Fyctia
Expérience
L’expression de Gustave ce matin ne laisse rien paraître. Fidèle à lui-même, je n’arrive pas à savoir s’il s’est passé quelque chose ou pas.
— Salut Gustave, ça va ? Ça s’est bien passé hier soir ?
Lorsqu’il lève son visage vers moi, je lui fais un clin d’œil accompagné d’un sourire convenu et il pique un fard.
— Ça va.
— C’est tout ?
— Qu’est-ce que tu veux que je te dise.
— Oh aller c’est bon, tu peux m’en parler.
— On a un projet à démarrer je te rappelle et on n’a pas le temps de papoter.
— T’abuses !
Bien, je n’arriverai pas à le faire parler pour le moment. Nous décidons de faire un brainstorming afin de poser sur table toutes les idées qui nous viennent. Gustave a de l’expérience et sait précisément comment classer tout ce bordel qui émane de nos têtes. A midi, après trois heures de déballage en bon et du forme, nous sommes lessivés.
— Besoin de recharger les batteries. On va déjeuner ?
— Ouais on y va.
Gustave est silencieux et semble perdu dans ses pensées. Ça fait deux fois qu’il regarde son portable, habituellement éteint, même pendant ses pauses.
— Tu attends un coup de fil important ?
Il relève la tête, surpris, et devient rouge écarlate.
— Oh toi, tu ne veux pas en parler mais il semblerait que la petite Clémentine ait fait des merveilles.
Il baisse la tête, confus, et ne décroche plus un mot de tout le repas. Il picore plus qu’il ne mange et regarde son téléphone à deux reprises. Je suis presque gêné pour lui de le voir si mal à l’aise.

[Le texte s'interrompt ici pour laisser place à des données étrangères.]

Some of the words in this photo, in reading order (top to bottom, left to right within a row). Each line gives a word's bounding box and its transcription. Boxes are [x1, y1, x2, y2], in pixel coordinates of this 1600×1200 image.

— Tu veux en parler ? Tu sais, il n'y’ pas de mal à se faire du bien Gus’
Il me regarde, puis fixe son assiette et enfin, appuie sa tête sur une main.

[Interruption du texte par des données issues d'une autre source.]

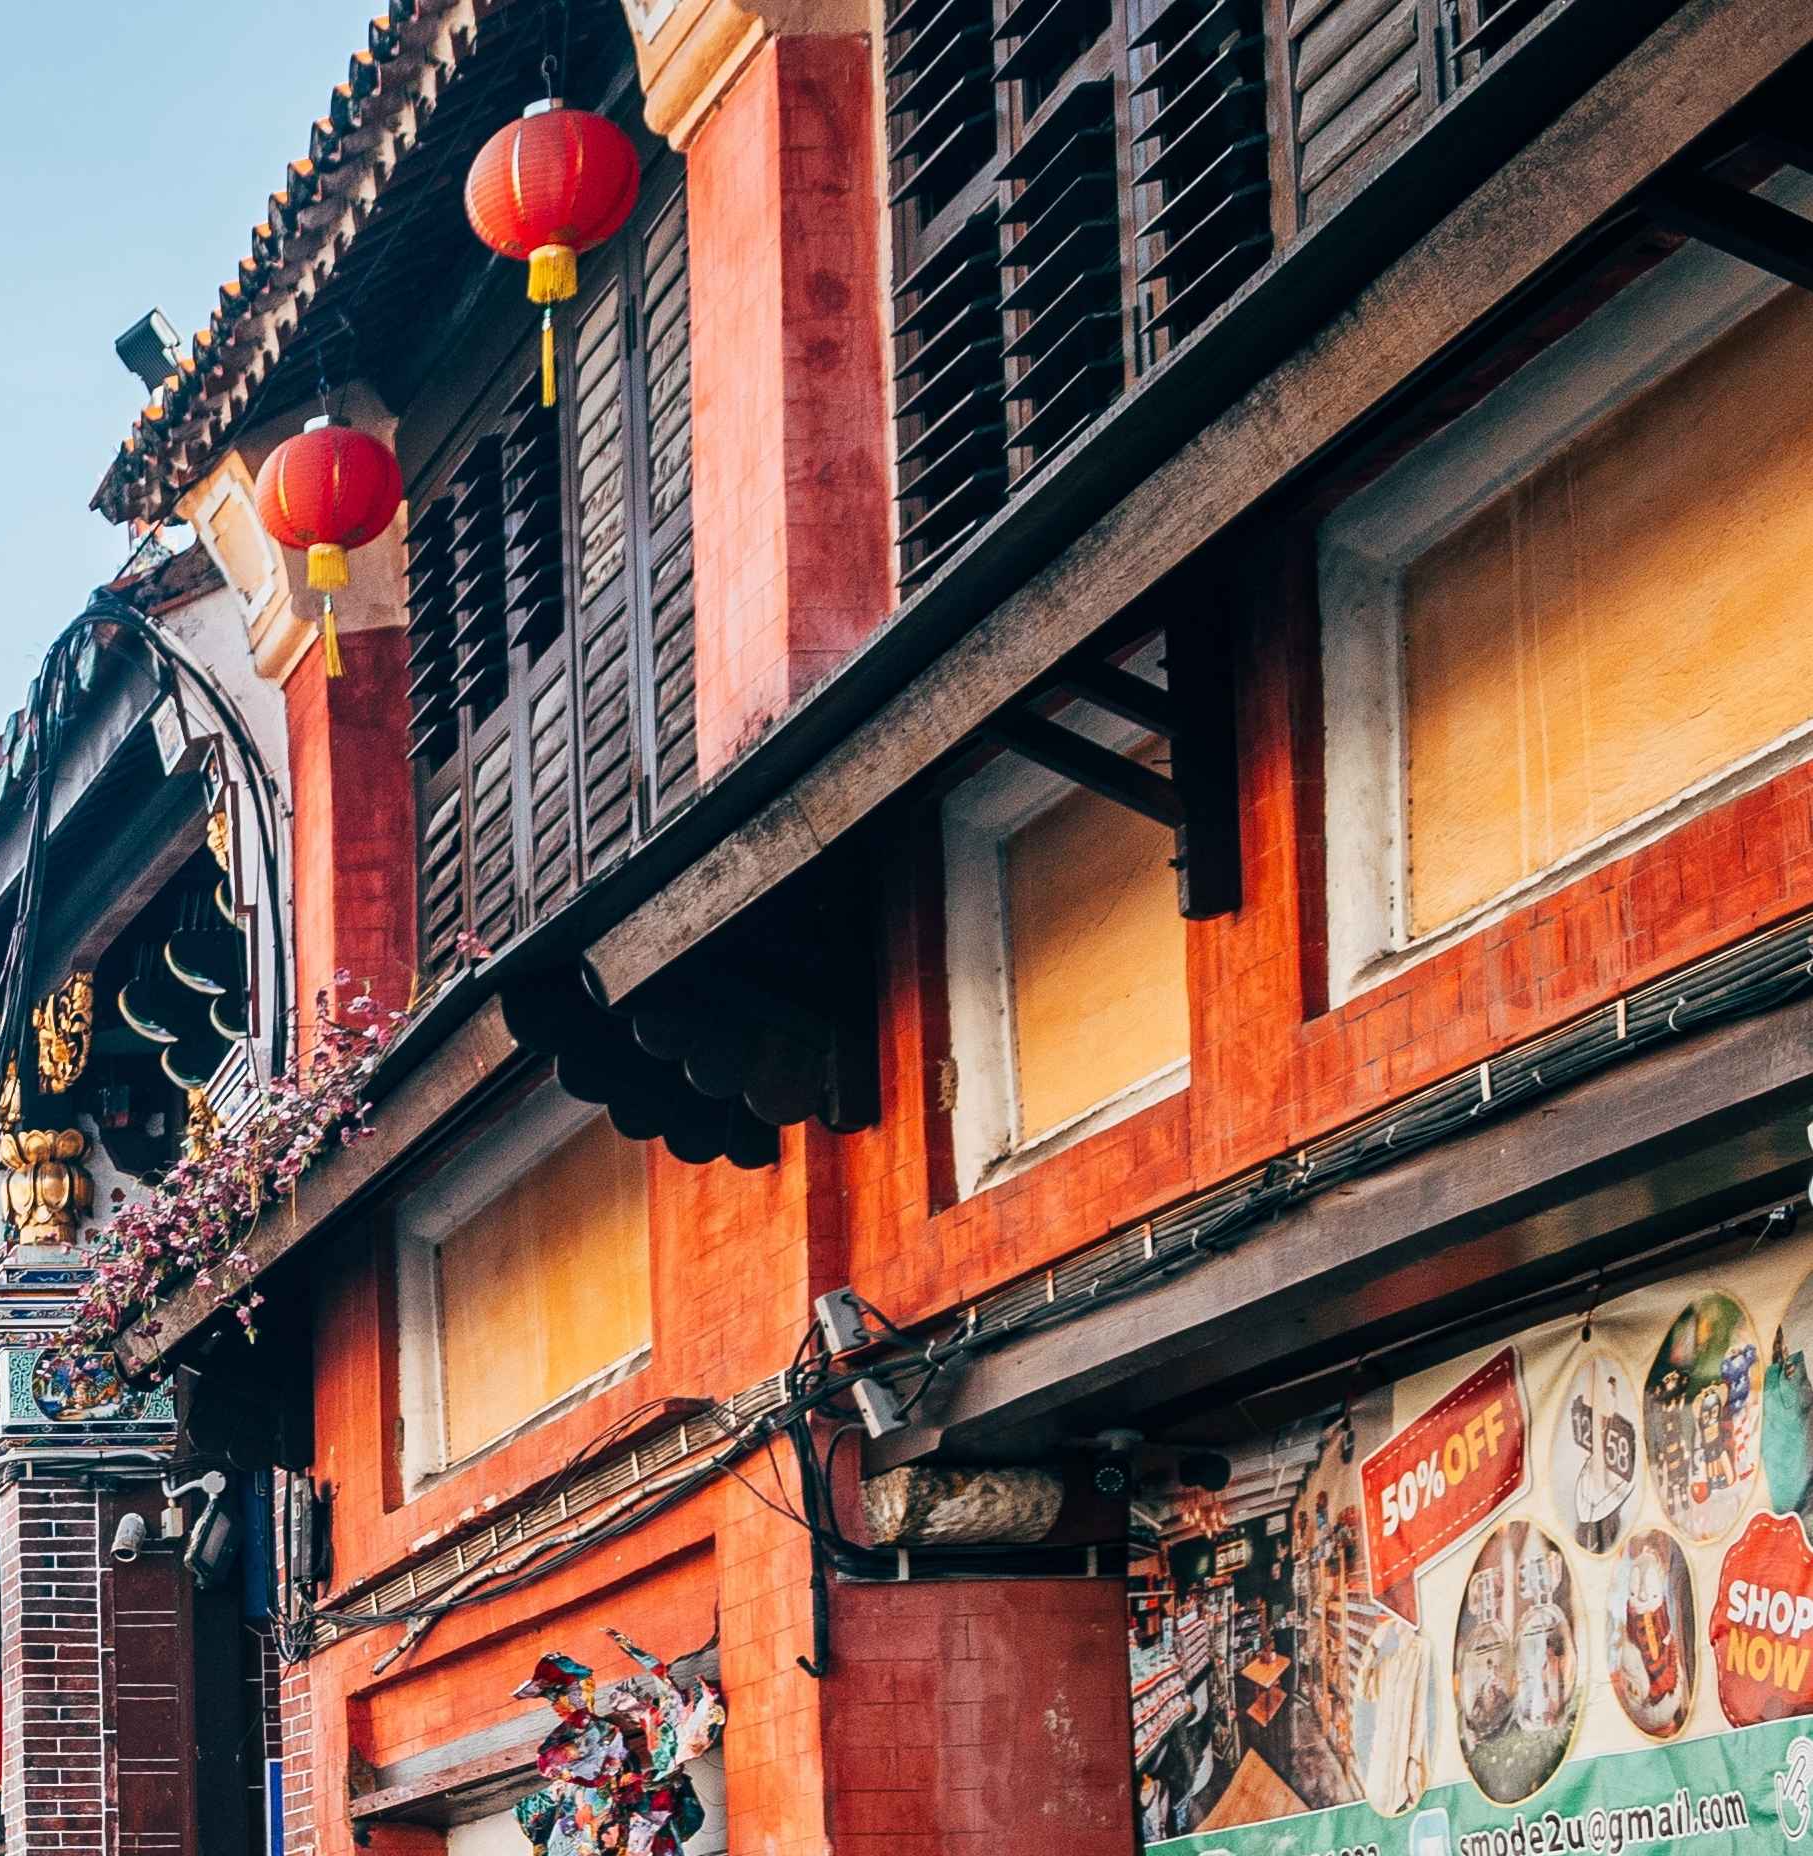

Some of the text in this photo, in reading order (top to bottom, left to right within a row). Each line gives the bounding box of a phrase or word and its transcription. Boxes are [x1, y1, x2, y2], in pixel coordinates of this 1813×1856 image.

— Je sais. Mais je ne sais pas gérer ce genre de situation.
— Comment ça ?
— Je suis un romantique Baptiste pas un adepte des plans d'un soir. Même si je sais que c’était juste pour batifoler, c’était chouette et je la reverrai bien. Mais je ne pense pas que ce soit ce qu’elle recherche.
"Batifoler"... Il n'y a qu'un gars comme Gustave pour utiliser ce genre de mots afin de décrire un coup d'un soir !
— Toutes les filles cherchent un mec pour la vie Gus’. Tu l’as contacté depuis hier ?
— Non.
— Et t’attends quoi ?
— Un message.
— Ah. C’est elle qui t’a dit qu’elle te contacterait ?
— Non.
— D’accord… Et si elle fait la même chose de son côté, tu crois qu’il va y avoir une suite à… cette situation ?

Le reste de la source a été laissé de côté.